South Australia’s peak mining and energy body has called for a “mature debate” on nuclear energy.
Citing a recent survey it commissioned, the South Australian Chamber of Mines and Energy (SACOME) claims a greater proportion of South Australians support nuclear power than oppose it.
It says the survey results dispel common misconceptions and demonstrates the need for a mature debate on the development of a nuclear industry.
A survey into the attitudes of 1,216 randomly selected South Australians towards uranium and nuclear power found that 48 per cent support nuclear power while only 33 per cent recorded any level of opposition.
The survey, conducted by market research company, ReachTel, also found consistency across all age groups, recording a majority support for nuclear power.
Less than one-third of all respondents opposed it, and one-fifth remained neutral.
“A key aspect of responses to this question was the level of strong opinions expressed, with 29 per cent strongly supporting and only 20 per cent strongly opposing nuclear power – in other words, there are more staunchly pro-nuclear than anti-nuclear advocates,” SACOME Chief Executive Jason Kuchel said.
The issue of nuclear power and the steps required for seeing its introduction in Australia is a focus of the latest issue of the SA Mines & Energy Journal, with international uranium companies saying they would warmly welcome a revision of current policies and pledging interest in doing business in Australia if prohibitions on uranium and nuclear are reduced.
The journal also includes special features on the history of how prohibition laws came about, along with the economic case for an Australian nuclear fuel cycle.
SACOME also pointed to the results of another survey (published in The Advertiser) where more than half (58.6 per cent) of the respondents to a FutureSA poll said nuclear power should be allowed in South Australia.
The State Government’s position on nuclear power has been a controversial one.

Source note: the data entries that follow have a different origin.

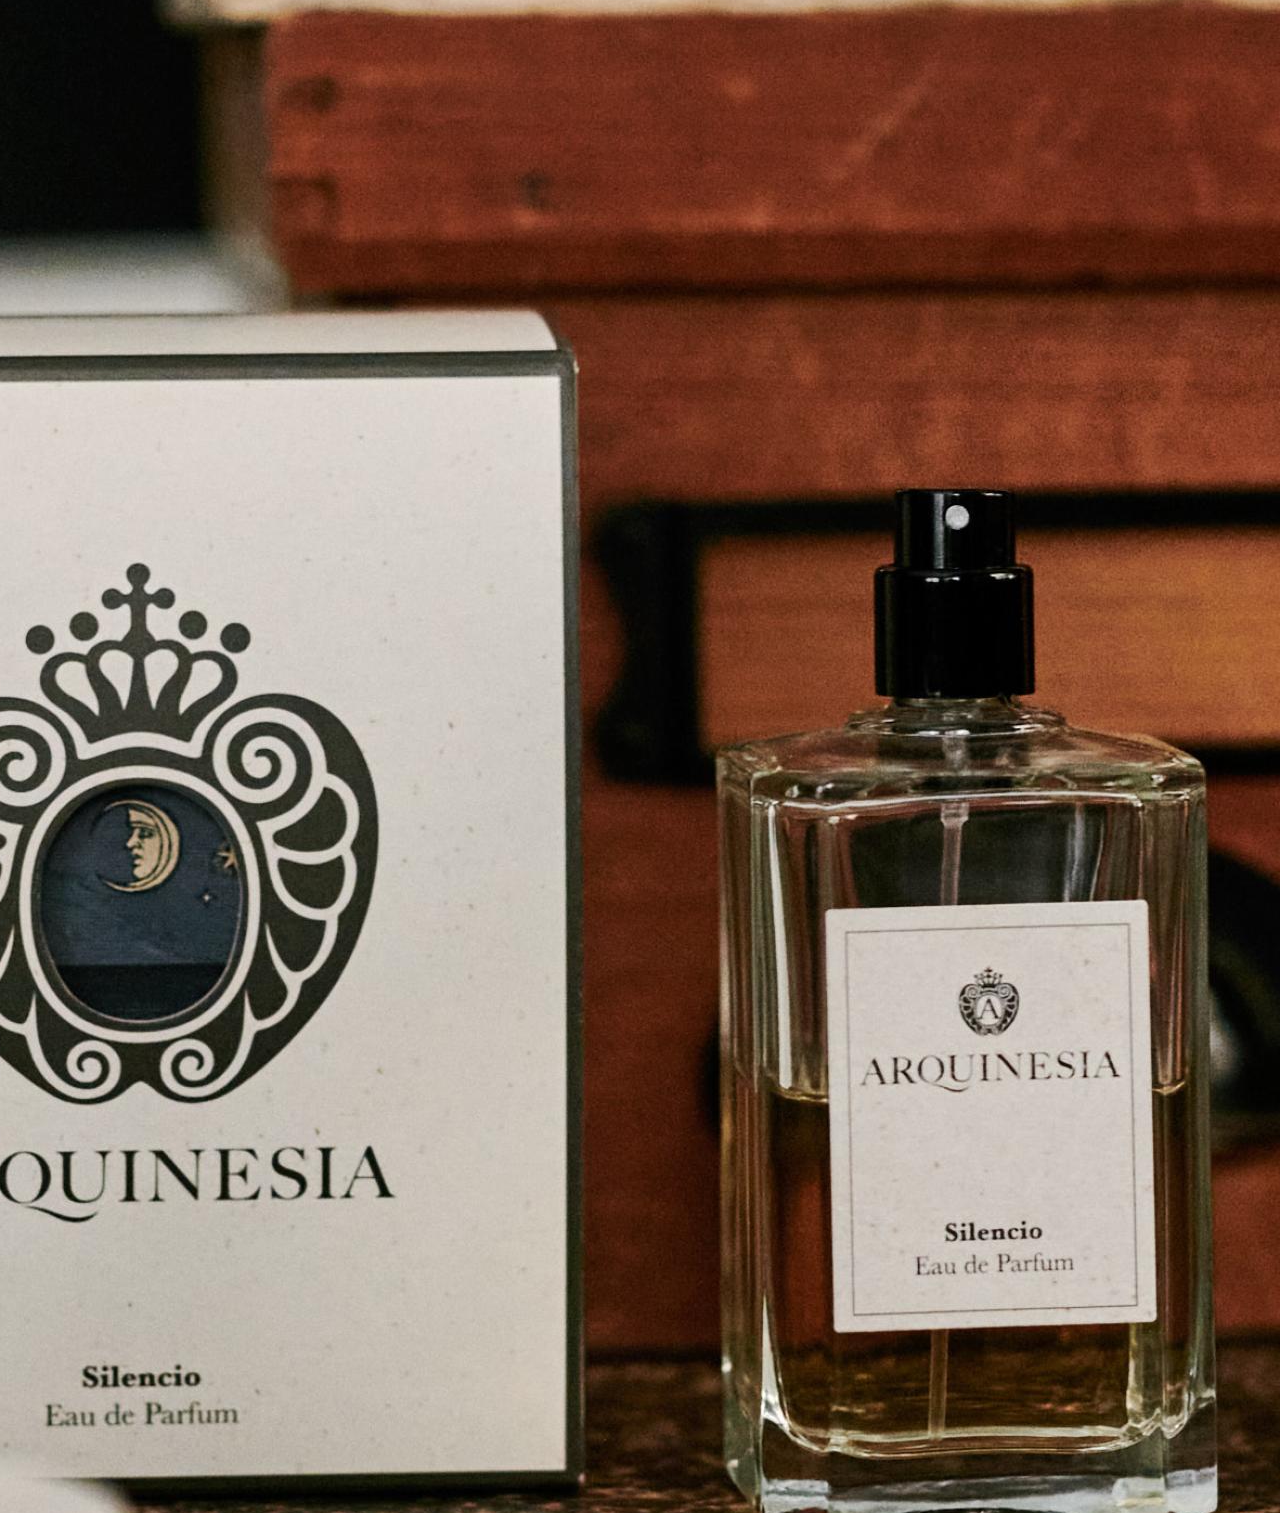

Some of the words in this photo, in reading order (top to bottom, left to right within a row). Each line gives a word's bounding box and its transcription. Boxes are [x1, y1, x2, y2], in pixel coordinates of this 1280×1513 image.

[976, 998, 1002, 1019] A
[861, 1051, 1121, 1093] ARQUINESIA
[944, 1220, 1044, 1242] Silencio
[915, 1256, 958, 1276] Eau
[963, 1253, 990, 1275] de
[997, 1252, 1076, 1273] Parfum
[82, 1364, 203, 1389] Silencio
[45, 1403, 97, 1428] Eau
[103, 1402, 136, 1427] de
[144, 1401, 240, 1426] Parfum

In mid-2011 then-Mines Minister Tom Koutsantonis proposed the development of a uranium enrichment industry in Australia and called for a debate at the ALP national conference. Koutsantonis told a mining conference in Adelaide in May 2011, that Australia should maximise uranium profits and provocatively pointed to the nuclear crisis in Japan as proof that enrichment should be embraced.
“No deaths have been attributed to radiation (in Japan),” Koutsantonis told the annual Paydirt uranium conference.

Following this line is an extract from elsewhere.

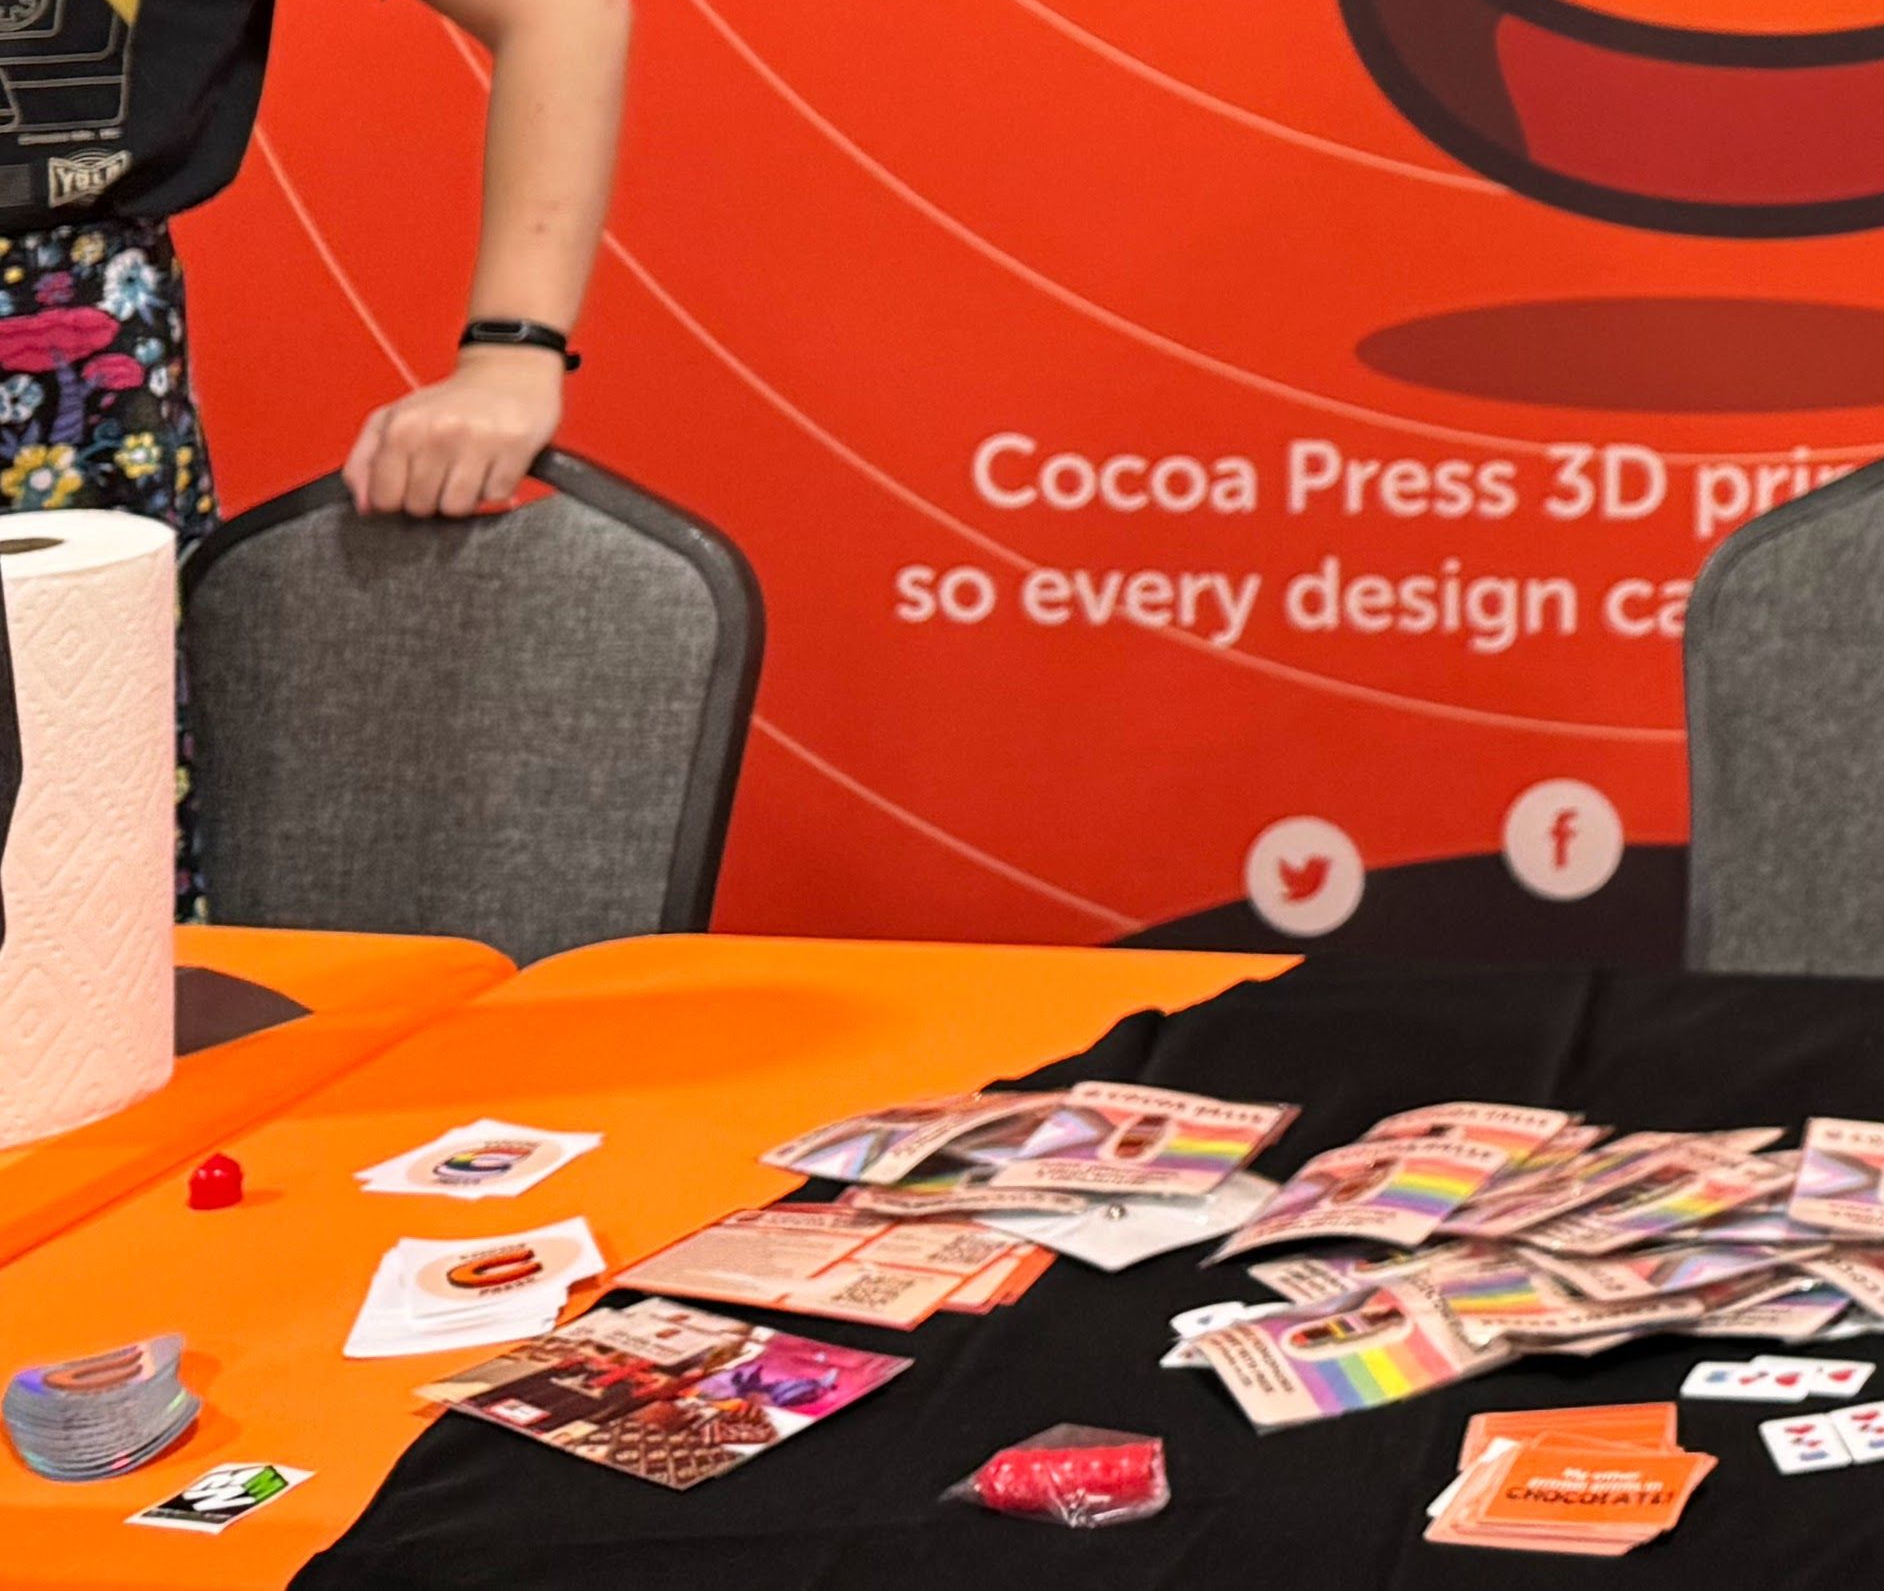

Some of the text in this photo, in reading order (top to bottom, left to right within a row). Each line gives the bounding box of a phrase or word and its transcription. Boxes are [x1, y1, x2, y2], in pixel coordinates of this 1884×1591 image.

“I am not joining the chorus of naysayers. I urge you to step up to the plate and argue the safety of nuclear reactors. I will stand with you and argue that case.”
Koutsantonis said the old way of digging something out of the ground and sending it offshore had to change.
“We’ve got to start looking at uranium exports and how we can value add here to get the maximum bang for our buck,” he said.
“One day, down the track, were going to have to start enriching uranium … we need to start the debate.”
Less than a year later, that position had changed, with Koutsantonmis telling another conference in February 2012 that Australia has no need and no social licence to develop nuclear power.
He said that while he fully supported uranium mining, the debate over nuclear power was a non-starter.
“It’s not just a question of political will,” Koutsantonis said.
“The truth is you need a social licence to operate and there is not a social licence for nuclear power.
“The Australian public don’t want it.
“I don’t think it’s economic, I don’t think it’s viable and I don’t think it’s politically saleable.”